ENTRIES PROVIDED »
──────────

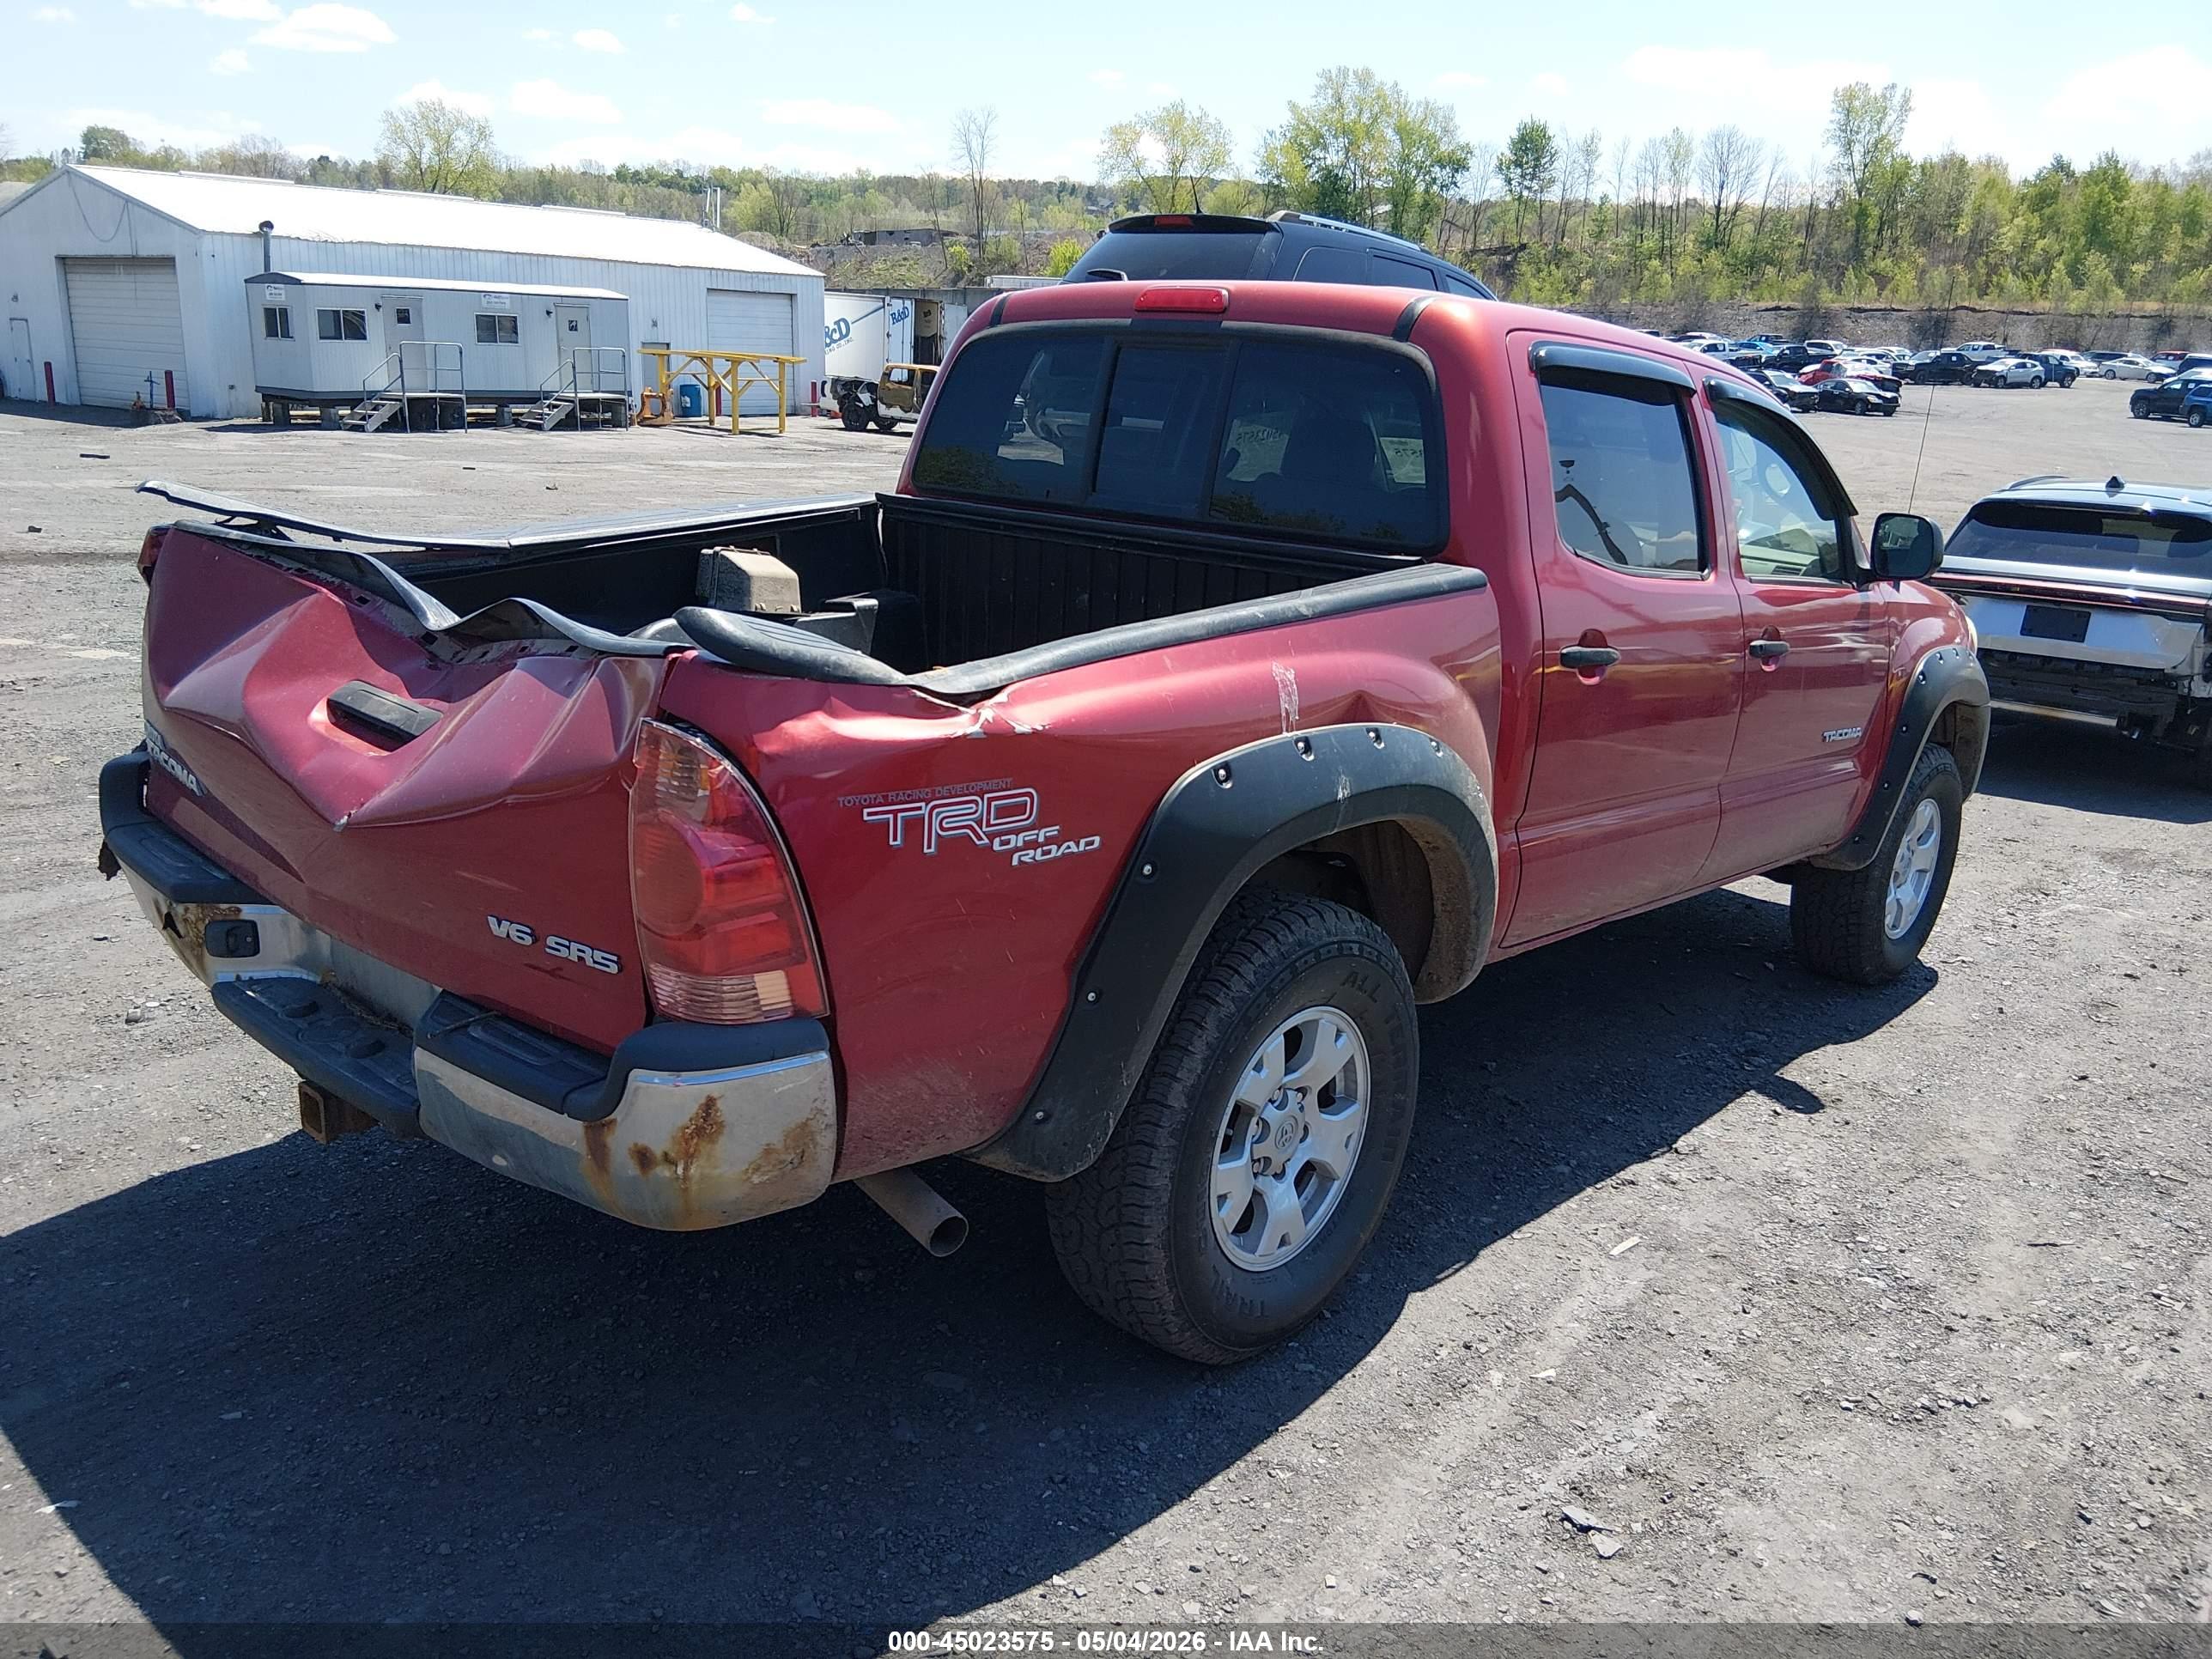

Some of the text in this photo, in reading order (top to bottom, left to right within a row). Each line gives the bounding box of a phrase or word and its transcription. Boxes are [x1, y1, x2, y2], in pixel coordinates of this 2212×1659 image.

[890, 306, 910, 325] R&D
[824, 317, 851, 348] &D
[1823, 726, 1863, 743] TACOMA
[837, 777, 1013, 808] TOYOTA RACING DEVELOPMENT
[863, 787, 1039, 855] TRD
[992, 824, 1060, 853] OFF
[1011, 835, 1101, 867] ROAD
[487, 915, 622, 975] V6 SR5
[1340, 969, 1384, 1004] ALL
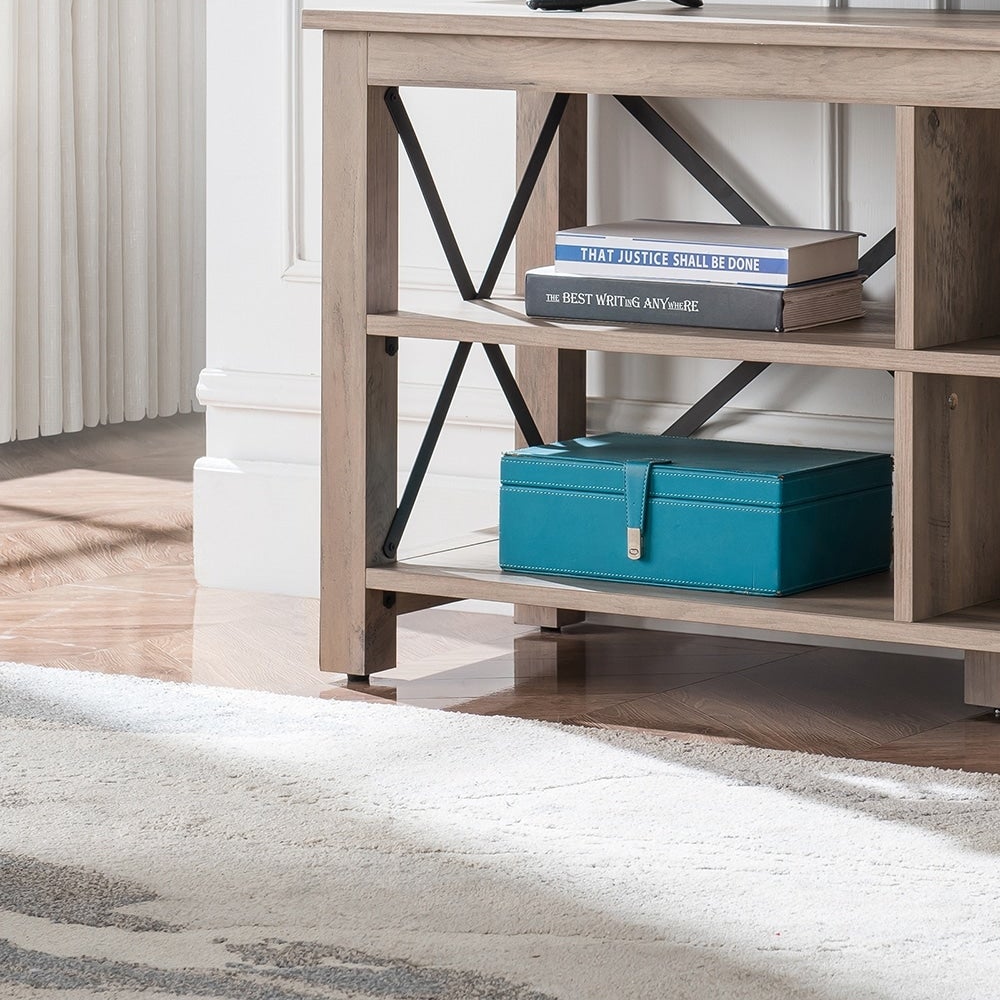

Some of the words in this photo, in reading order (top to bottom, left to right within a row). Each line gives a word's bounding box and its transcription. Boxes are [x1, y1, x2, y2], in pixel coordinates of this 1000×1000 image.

──────────

DIRECTIONS FOR THIS TASK »
Your job is to repeat every entry exactly, keeping all pictures out of the copy.

EXERCISE ANSWER »
Some of the text in this photo, in reading order (top to bottom, left to right within a row). Each line gives the bounding box of a phrase or word and its transcription. Boxes are [x1, y1, x2, y2], in pixel coordinates of this 2212×1659 image.

[890, 306, 910, 325] R&D
[824, 317, 851, 348] &D
[1823, 726, 1863, 743] TACOMA
[837, 777, 1013, 808] TOYOTA RACING DEVELOPMENT
[863, 787, 1039, 855] TRD
[992, 824, 1060, 853] OFF
[1011, 835, 1101, 867] ROAD
[487, 915, 622, 975] V6 SR5
[1340, 969, 1384, 1004] ALL

Some of the words in this photo, in reading order (top to bottom, left to right within a row). Each line gives a word's bounding box and its transcription. Boxes are [x1, y1, x2, y2], in pixel coordinates of this 1000×1000 image.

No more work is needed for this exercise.